In 2021, Harvard Business Review published a detailed article on the growing role of AI in marketing. If you advertise your practice using digital ad platforms through Google, Microsoft, or some third-party agencies, AI is already assisting with ad placement. If you’ve allowed, the platforms also use AI to refine the specific content of your advertising. AI-based chatbots are also becoming increasingly common on business web sites, to answer common questions and address common functions like scheduling.

Private-practice therapists are not always great at generating marketing content themselves. For such therapists, AI can meaningfully transform your marketing efforts today.
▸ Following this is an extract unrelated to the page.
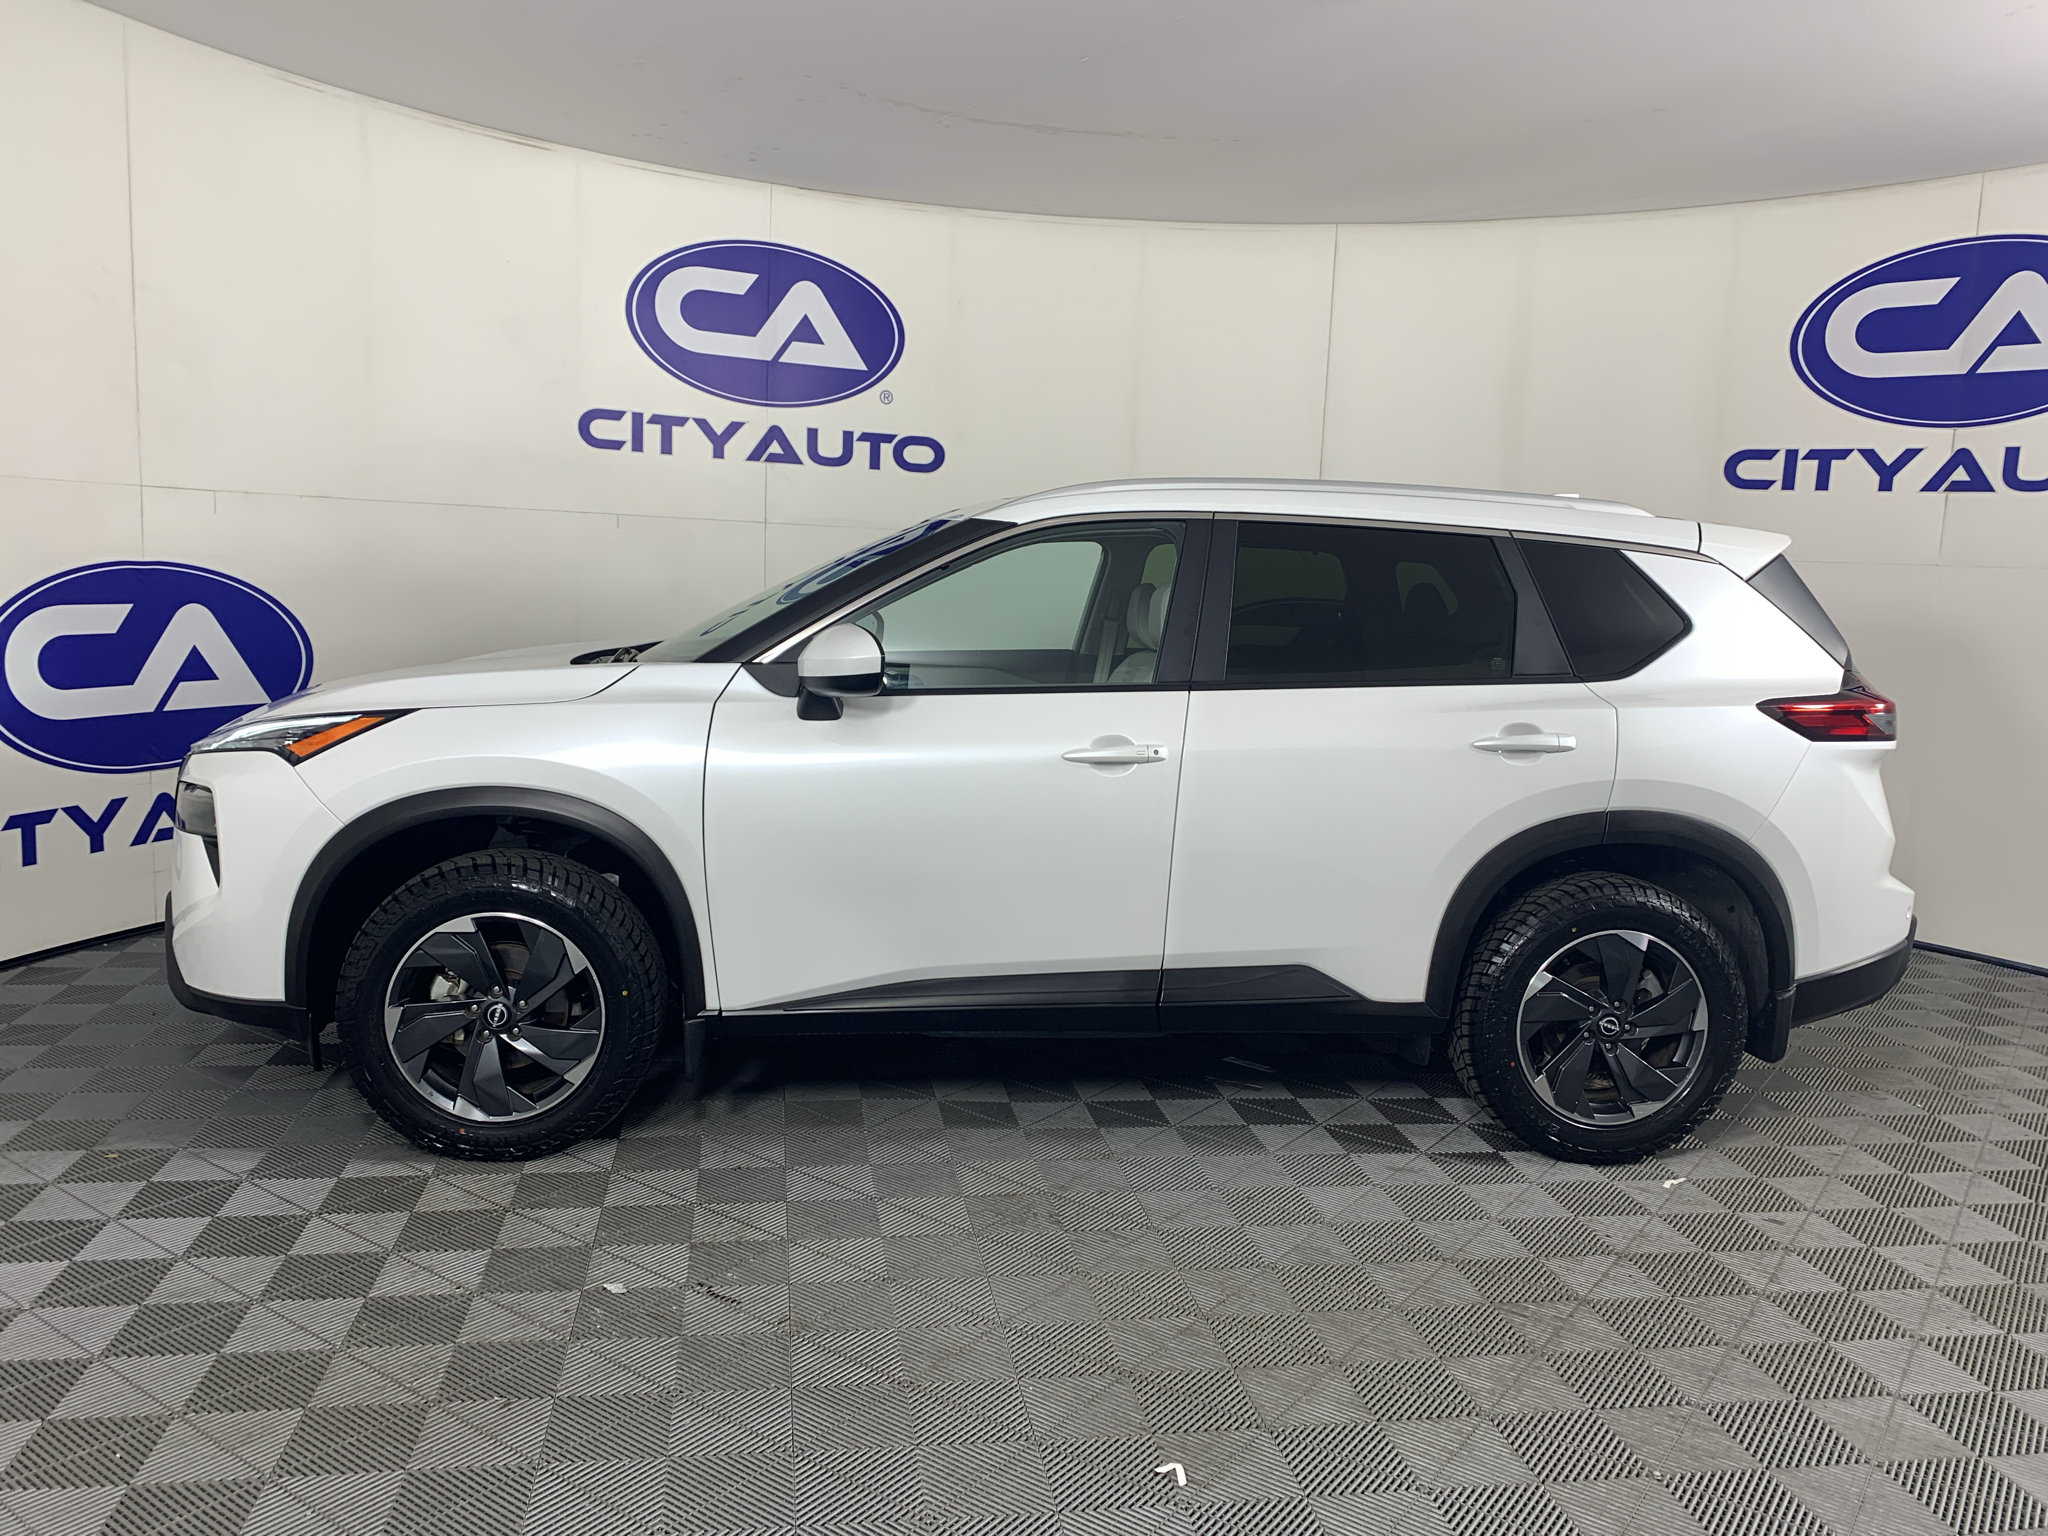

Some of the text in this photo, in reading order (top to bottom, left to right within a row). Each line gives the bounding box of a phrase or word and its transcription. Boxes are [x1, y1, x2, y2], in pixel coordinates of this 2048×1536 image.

[654, 265, 869, 372] CA
[1824, 269, 2048, 379] CA
[4, 602, 272, 721] CA
It can give those efforts a greater chance of success.

Client communications

Finally, earlier this month Microsoft and Epic EHR announced a partnership that will bring Microsoft’s Azure OpenAI technology to Epic’s health records system. The partnership is intended to leverage AI to fill in gaps in medical records, reducing error rates. But among the functions that AI will serve is a specific one that therapists will appreciate: Drafting responses to client communications. The AI will draft responses on behalf of doctors and others involved in patient care. While I can’t lay claim to any insider knowledge here, it seems reasonable to presume it will not be long before such functionality comes to other practice management software.
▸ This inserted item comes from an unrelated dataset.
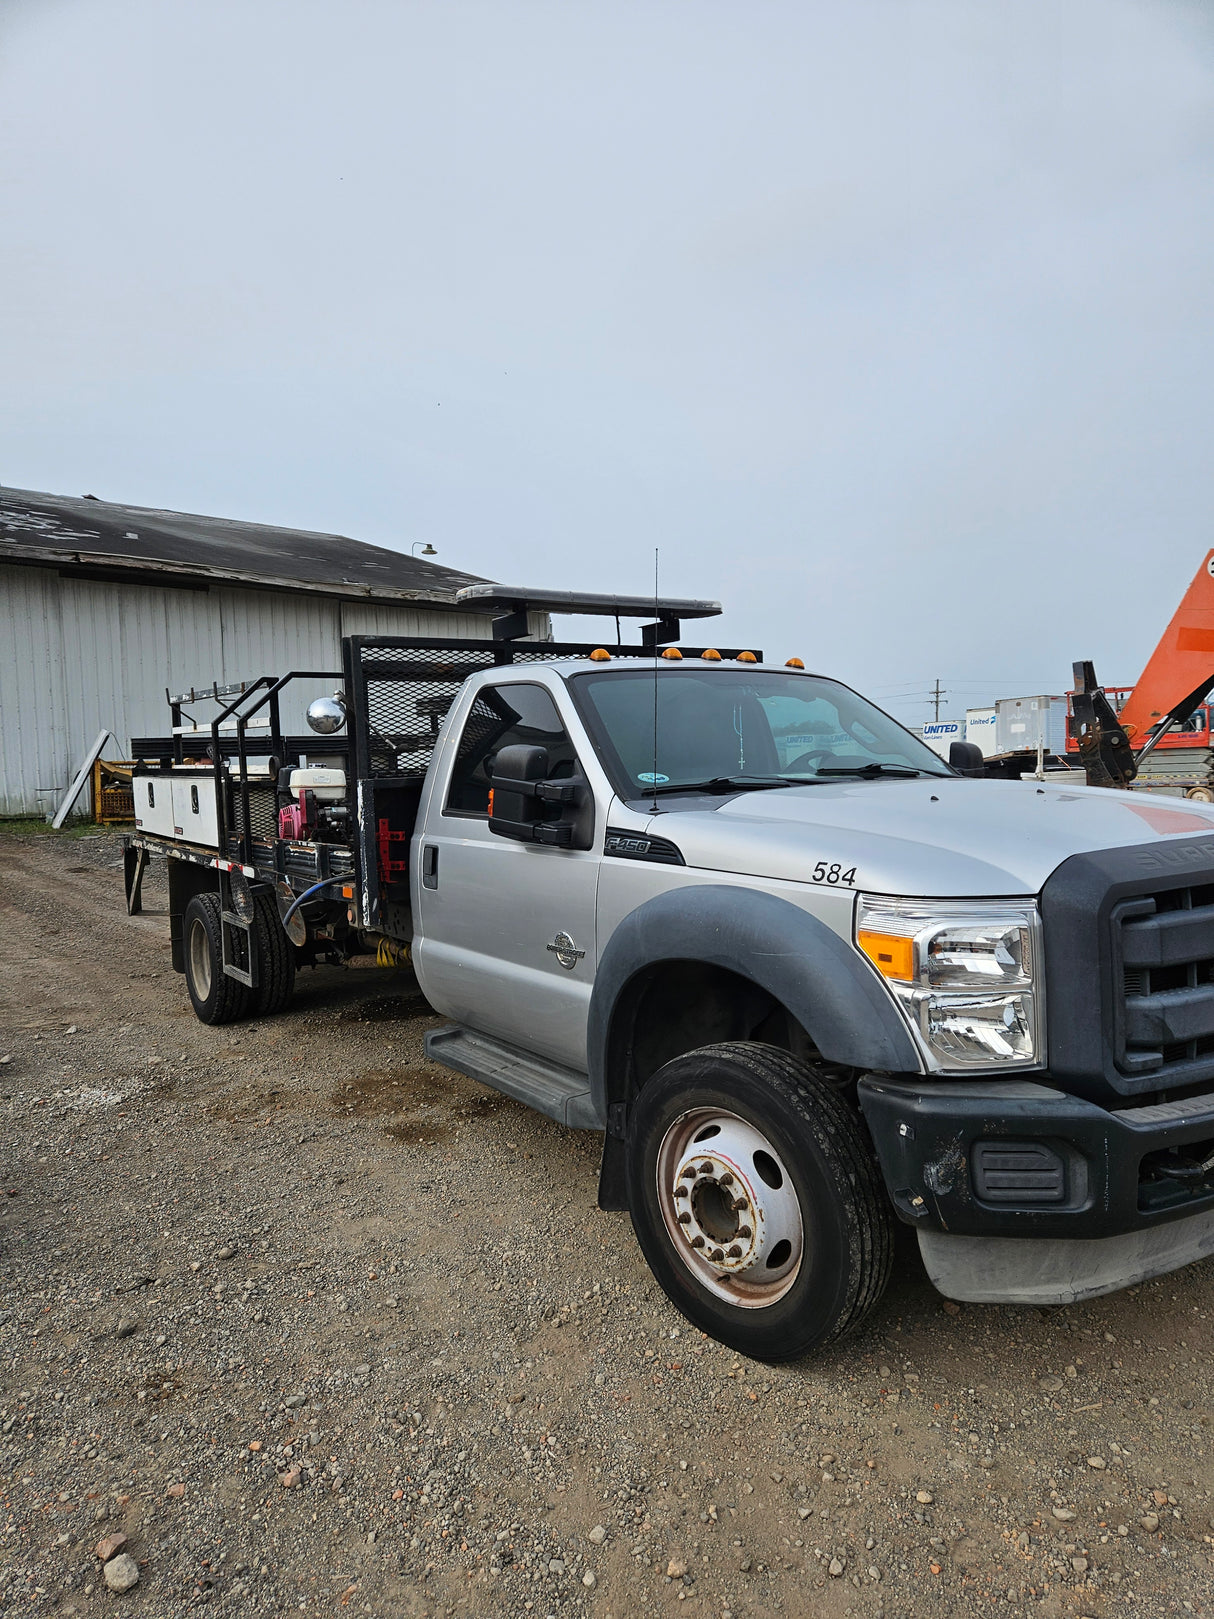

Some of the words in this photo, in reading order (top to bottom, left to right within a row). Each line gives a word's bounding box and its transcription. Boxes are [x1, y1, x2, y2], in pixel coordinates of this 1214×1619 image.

Many therapists already use a smaller-scale version of AI in responding to client messages without even realizing it. Several large email providers offer some version of predictive text (also known as predictive typing), where the provider analyzes your past messages (and, depending on the specific software, may integrate an analysis of others’ similar messages) in an effort to predict the next few words you’re likely to type. Typically, those predicted words appear in gray, and you can accept them using the Tab key.

I regularly use this feature in both Gmail and Outlook. I find it to be fairly good at predicting what I’m planning to type next. When the software gets it right, it speeds up my typing. And importantly, when it gets it wrong, it doesn’t slow me down. I just keep typing what I was going to type anyway.

What’s next

Some therapists express concern about the potential influence of AI on therapy practices. Most professional codes of ethics do not specifically address AI integrations, though existing standards for technology in general remain relevant. Of course, if any AI software is going to be listening in on sessions, it makes sense to include this in your data policies and practices. Clients should provide consent for the software to listen in. But these are addressable concerns. I’m eager to see these and other ways that AI can impact our work for the better. Used well, AI will allow therapists to focus more time and energy on direct client care.